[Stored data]
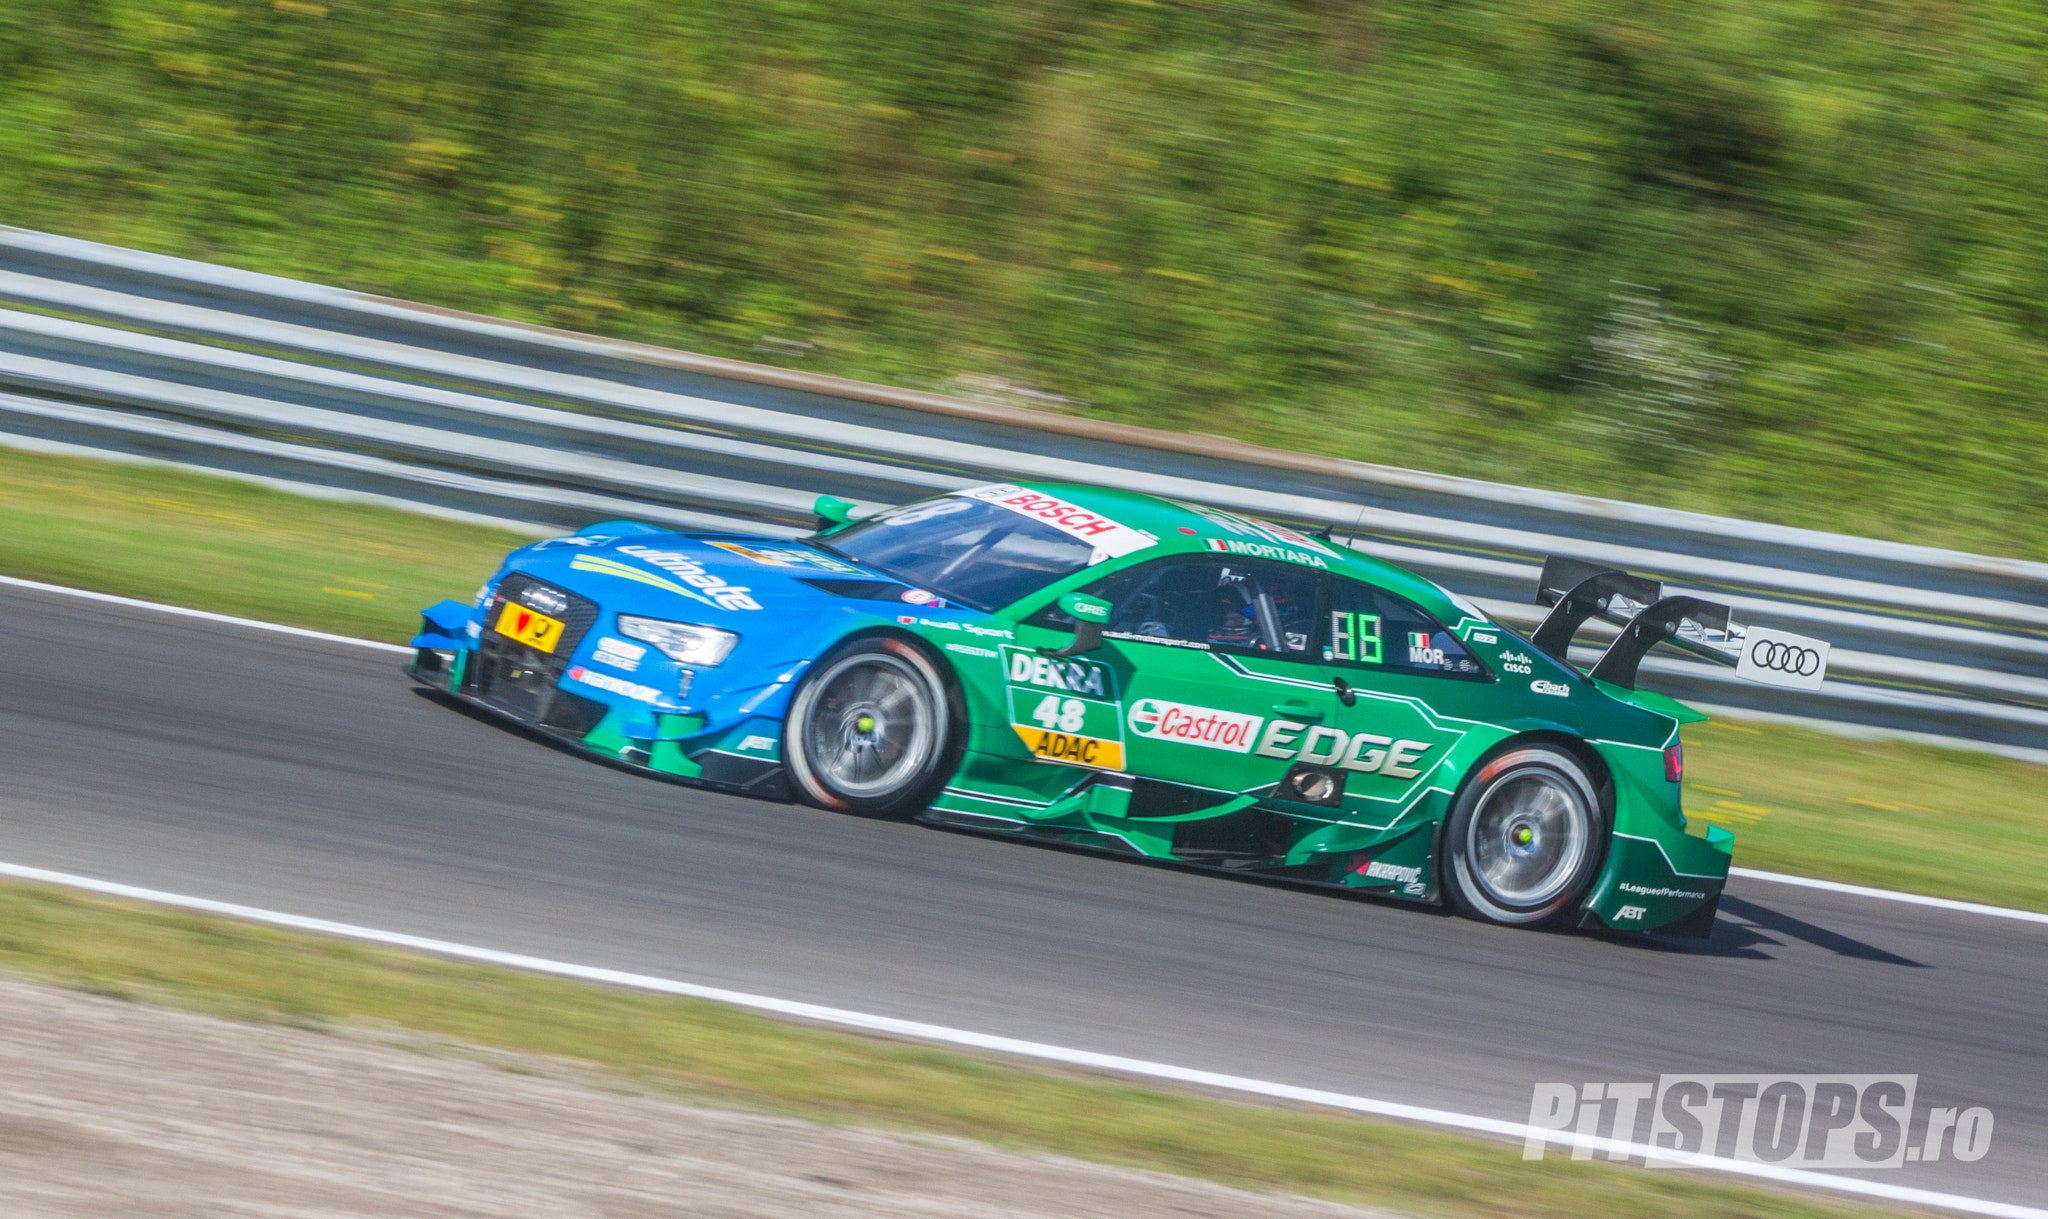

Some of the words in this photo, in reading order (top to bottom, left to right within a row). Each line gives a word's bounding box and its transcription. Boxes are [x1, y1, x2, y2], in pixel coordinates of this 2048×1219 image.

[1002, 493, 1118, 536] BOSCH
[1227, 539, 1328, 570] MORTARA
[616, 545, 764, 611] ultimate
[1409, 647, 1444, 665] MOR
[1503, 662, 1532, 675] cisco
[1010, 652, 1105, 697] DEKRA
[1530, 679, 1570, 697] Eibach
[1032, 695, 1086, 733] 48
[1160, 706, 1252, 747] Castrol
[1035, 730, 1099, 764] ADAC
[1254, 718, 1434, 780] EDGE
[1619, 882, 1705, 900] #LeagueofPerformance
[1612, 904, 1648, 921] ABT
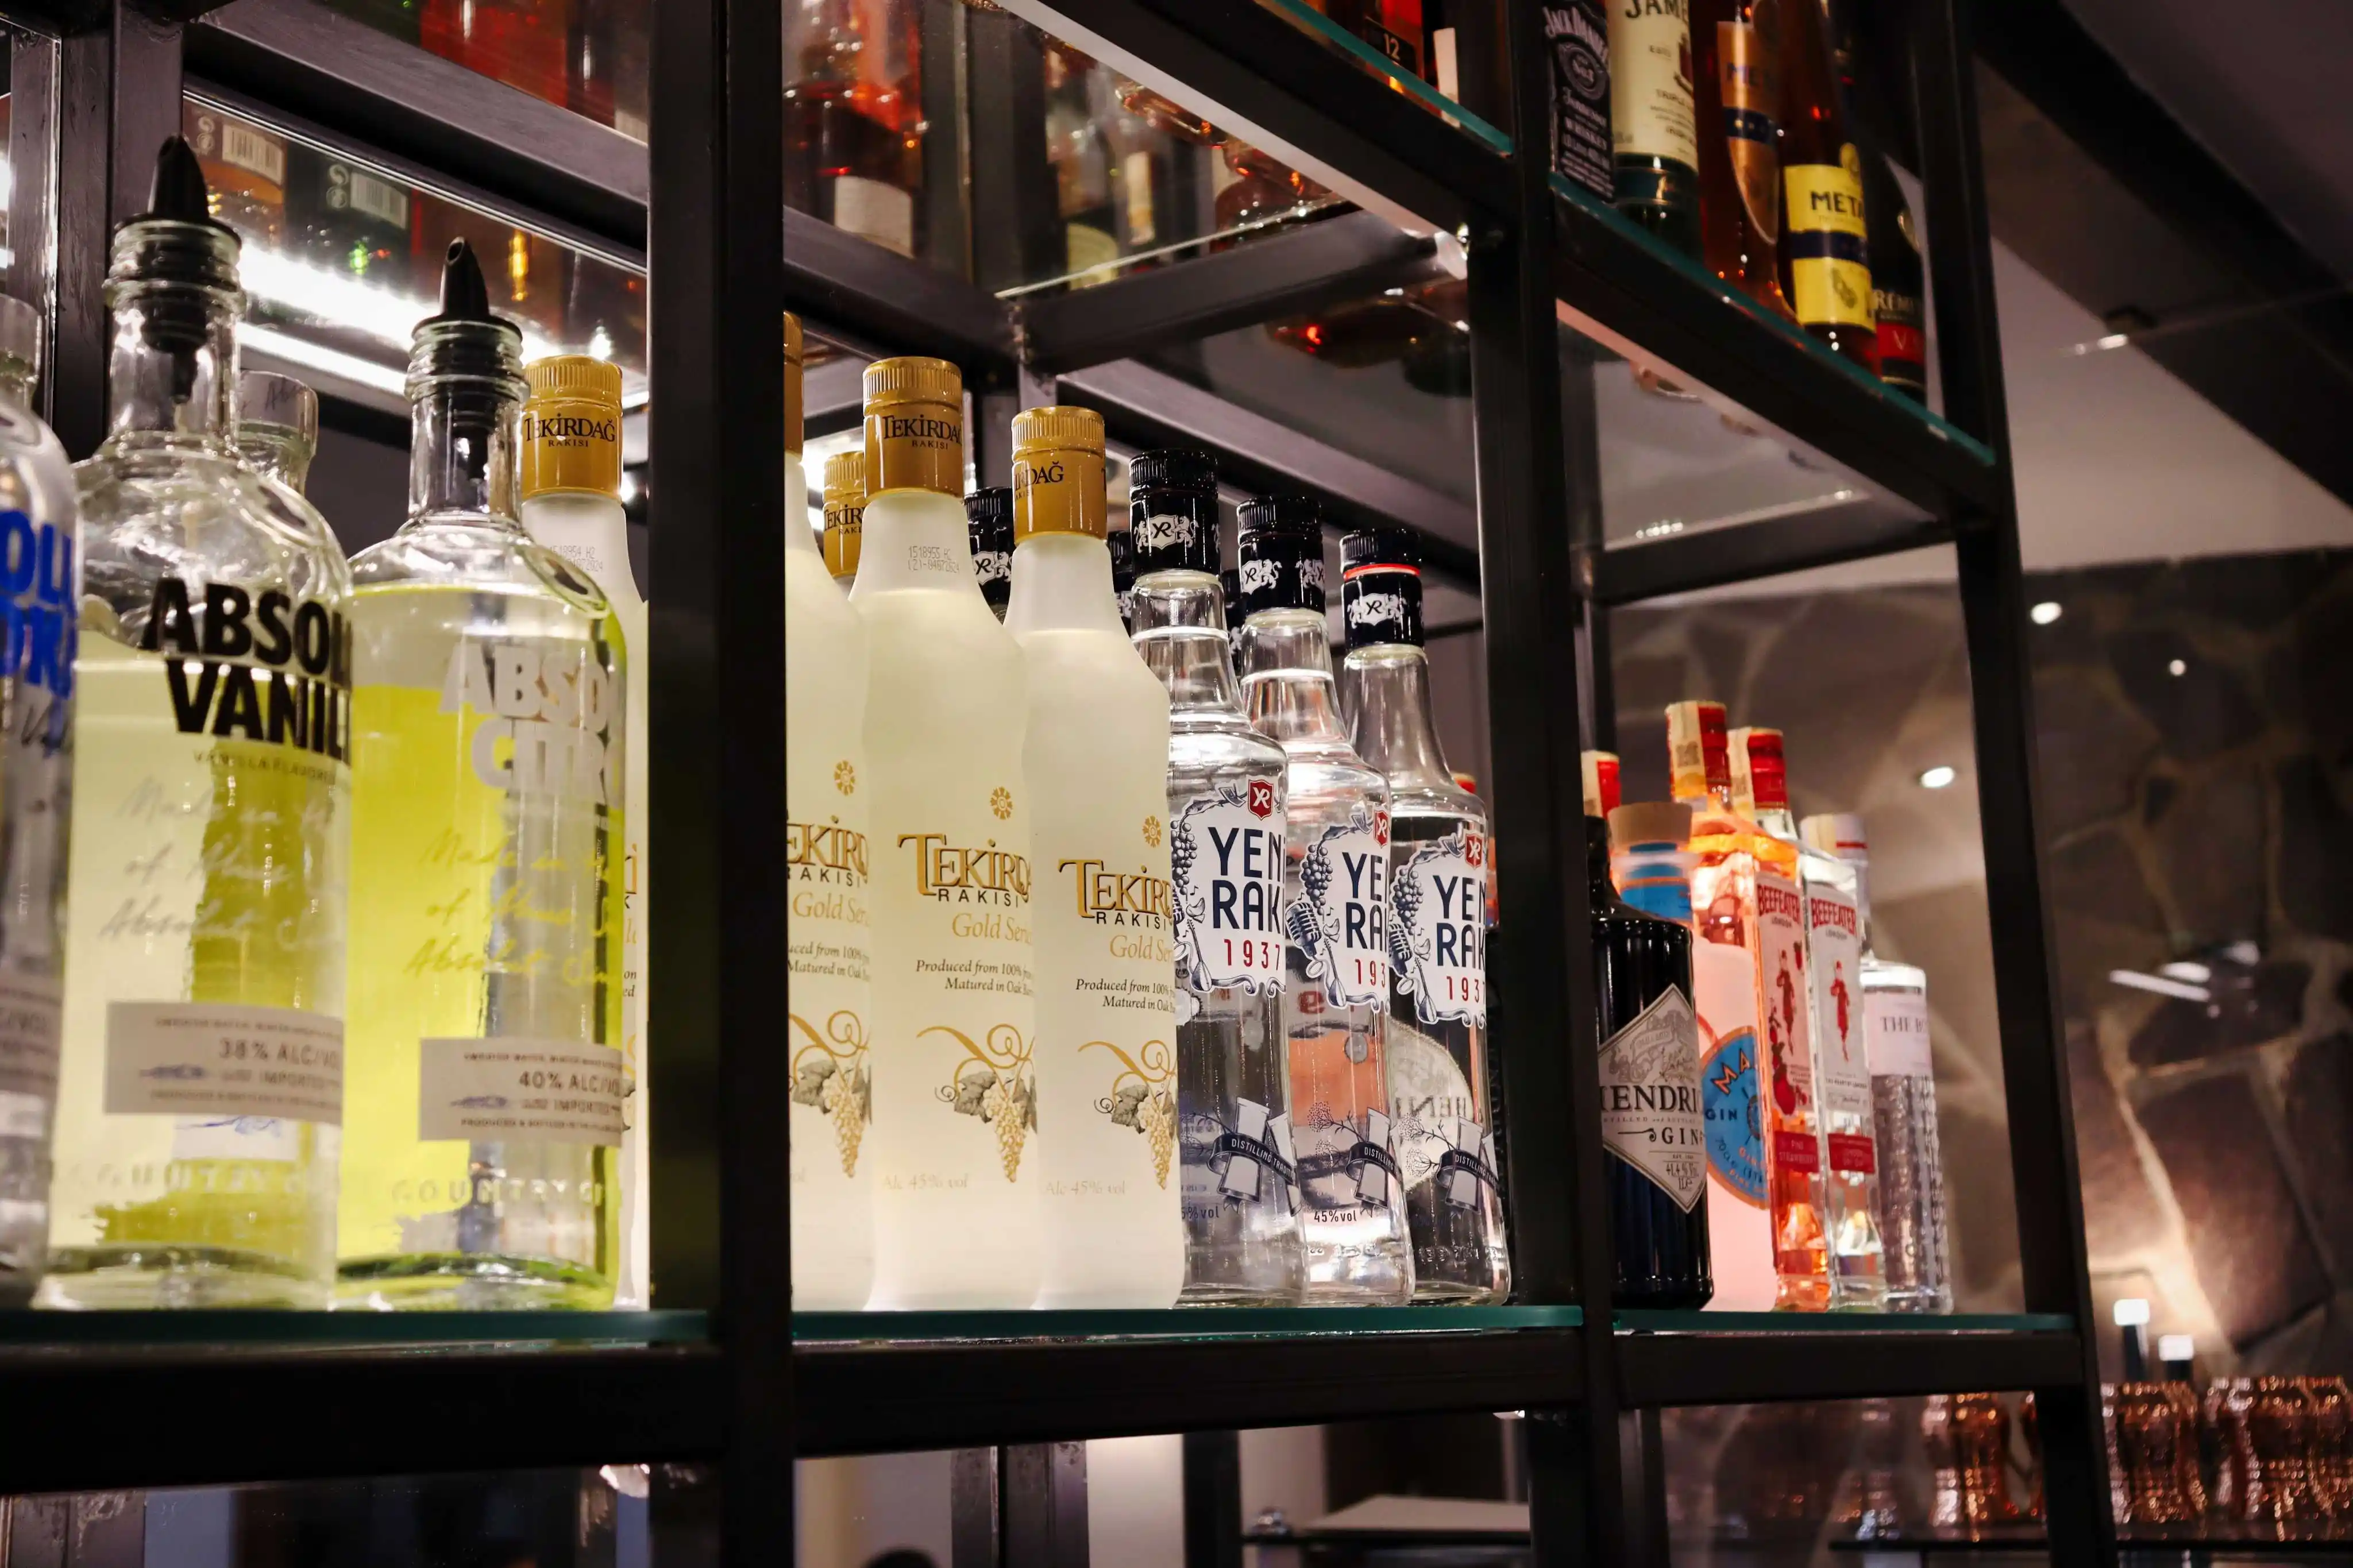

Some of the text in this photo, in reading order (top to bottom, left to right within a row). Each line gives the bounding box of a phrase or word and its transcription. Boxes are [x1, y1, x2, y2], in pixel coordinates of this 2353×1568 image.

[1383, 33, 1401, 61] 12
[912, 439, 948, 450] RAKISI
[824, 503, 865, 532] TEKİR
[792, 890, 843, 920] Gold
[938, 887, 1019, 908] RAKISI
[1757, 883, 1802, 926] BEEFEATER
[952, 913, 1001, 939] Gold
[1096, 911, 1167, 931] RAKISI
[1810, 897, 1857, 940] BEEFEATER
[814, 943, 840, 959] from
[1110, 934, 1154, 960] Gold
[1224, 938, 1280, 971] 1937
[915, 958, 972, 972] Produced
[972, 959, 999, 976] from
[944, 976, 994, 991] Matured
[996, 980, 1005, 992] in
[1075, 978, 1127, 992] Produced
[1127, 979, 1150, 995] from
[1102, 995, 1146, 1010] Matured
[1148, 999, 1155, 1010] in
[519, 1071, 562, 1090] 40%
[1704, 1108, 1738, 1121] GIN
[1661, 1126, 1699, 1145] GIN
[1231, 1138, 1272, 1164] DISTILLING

» **EXERCISE AIM**
Repeat every entry exactly, but leave out the pictures.

» **EXPECTED ANSWER**
Some of the words in this photo, in reading order (top to bottom, left to right within a row). Each line gives a word's bounding box and its transcription. Boxes are [x1, y1, x2, y2], in pixel coordinates of this 2048×1219 image.

[1002, 493, 1118, 536] BOSCH
[1227, 539, 1328, 570] MORTARA
[616, 545, 764, 611] ultimate
[1409, 647, 1444, 665] MOR
[1503, 662, 1532, 675] cisco
[1010, 652, 1105, 697] DEKRA
[1530, 679, 1570, 697] Eibach
[1032, 695, 1086, 733] 48
[1160, 706, 1252, 747] Castrol
[1035, 730, 1099, 764] ADAC
[1254, 718, 1434, 780] EDGE
[1619, 882, 1705, 900] #LeagueofPerformance
[1612, 904, 1648, 921] ABT

Some of the text in this photo, in reading order (top to bottom, left to right within a row). Each line gives the bounding box of a phrase or word and its transcription. Boxes are [x1, y1, x2, y2], in pixel coordinates of this 2353×1568 image.

[1383, 33, 1401, 61] 12
[912, 439, 948, 450] RAKISI
[824, 503, 865, 532] TEKİR
[792, 890, 843, 920] Gold
[938, 887, 1019, 908] RAKISI
[1757, 883, 1802, 926] BEEFEATER
[952, 913, 1001, 939] Gold
[1096, 911, 1167, 931] RAKISI
[1810, 897, 1857, 940] BEEFEATER
[814, 943, 840, 959] from
[1110, 934, 1154, 960] Gold
[1224, 938, 1280, 971] 1937
[915, 958, 972, 972] Produced
[972, 959, 999, 976] from
[944, 976, 994, 991] Matured
[996, 980, 1005, 992] in
[1075, 978, 1127, 992] Produced
[1127, 979, 1150, 995] from
[1102, 995, 1146, 1010] Matured
[1148, 999, 1155, 1010] in
[519, 1071, 562, 1090] 40%
[1704, 1108, 1738, 1121] GIN
[1661, 1126, 1699, 1145] GIN
[1231, 1138, 1272, 1164] DISTILLING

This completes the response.